Fall: Fits and starts
Students are assigned to make individual three column visual vocabulary charts for all terms, then connect the words together with the content they have learned in class, research, and lab, using images to bring concepts together.
- Many unsure despite available help pages on class wiki
- Questions lead to discussions on how to organize the information, use images instead of words, etc.
- Tough time realizing there was no one “right” way
- Have to think differently than they ever had before
- Able to see student thought processes
- Some use great pictures to represent concepts
- Some not comfortable visualizing ways to remember a word (difficult for teacher as well)

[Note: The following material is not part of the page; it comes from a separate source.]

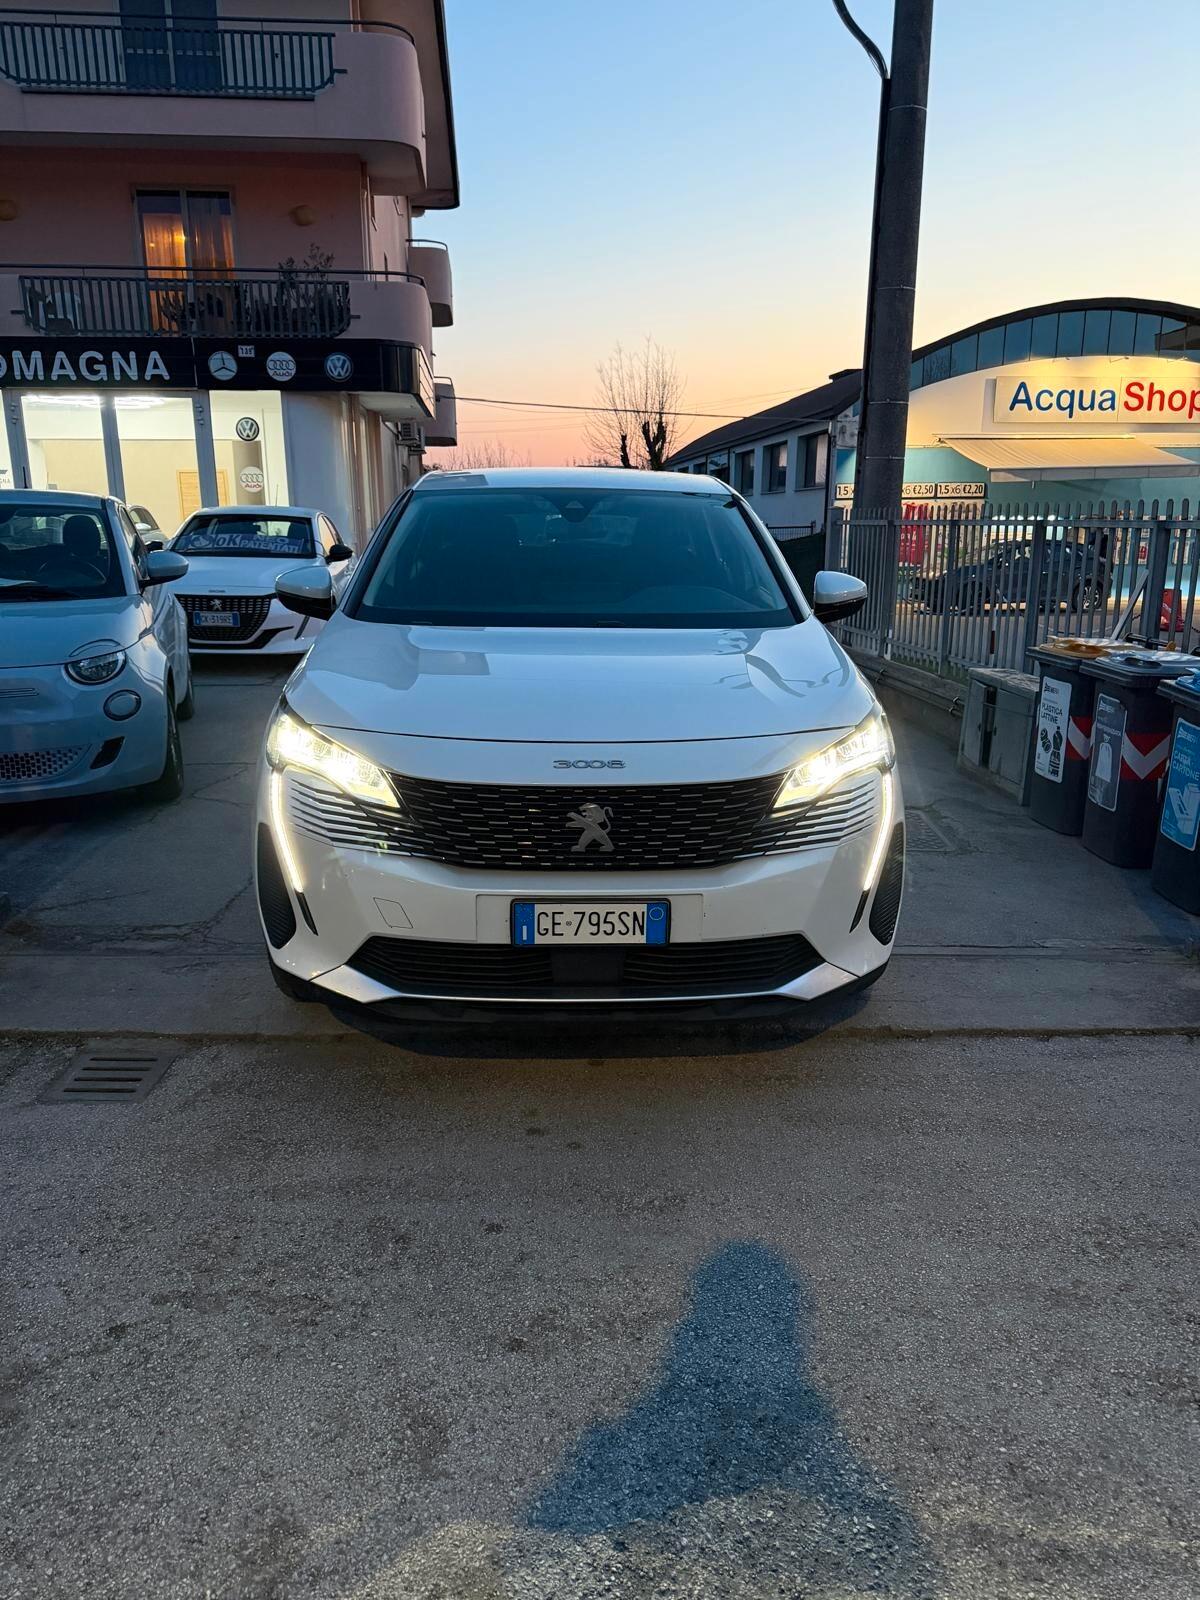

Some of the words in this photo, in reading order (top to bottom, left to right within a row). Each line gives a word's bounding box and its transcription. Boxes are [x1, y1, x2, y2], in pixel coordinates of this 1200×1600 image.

- Students unfamiliar connecting vocabulary words with the actual content. Typically occurs as two separate learning events
- Many infographics more like posters with content randomly placed anywhere and no “connections” or relationships
Winter: Transition to success
After reevaluating the approach and talking with her visual colleague, the teacher shifts assignments and changes the rubric. A midyear survey allows students to evaluate the infographic approach. Students complete several infographics as group and individual projects.
To declutter and create more visually navigable infographics, she allows students to remove selected definitions to a separate page and/or simply use the terms within their infographics. To improve the quality and move past “posters,” more social learning is encouraged. She attempts having students comment on each other’s work using the wiki discussion tab and encourages interaction during work sessions. At every assignment, the teacher re-vocalizes the intent/purpose.
Teacher-collaborator provides two PowerPoint tutorials: one, Good to Better, shows improvements that could be made on infographics done by these students. The other offers a step by step approach to visualizing and creating infographics. (Both available in Resources).
- Look at and give/ask for personal feedback during work sessions
- Challenge each other on use of images, graphic elements, colors (and just about anything!)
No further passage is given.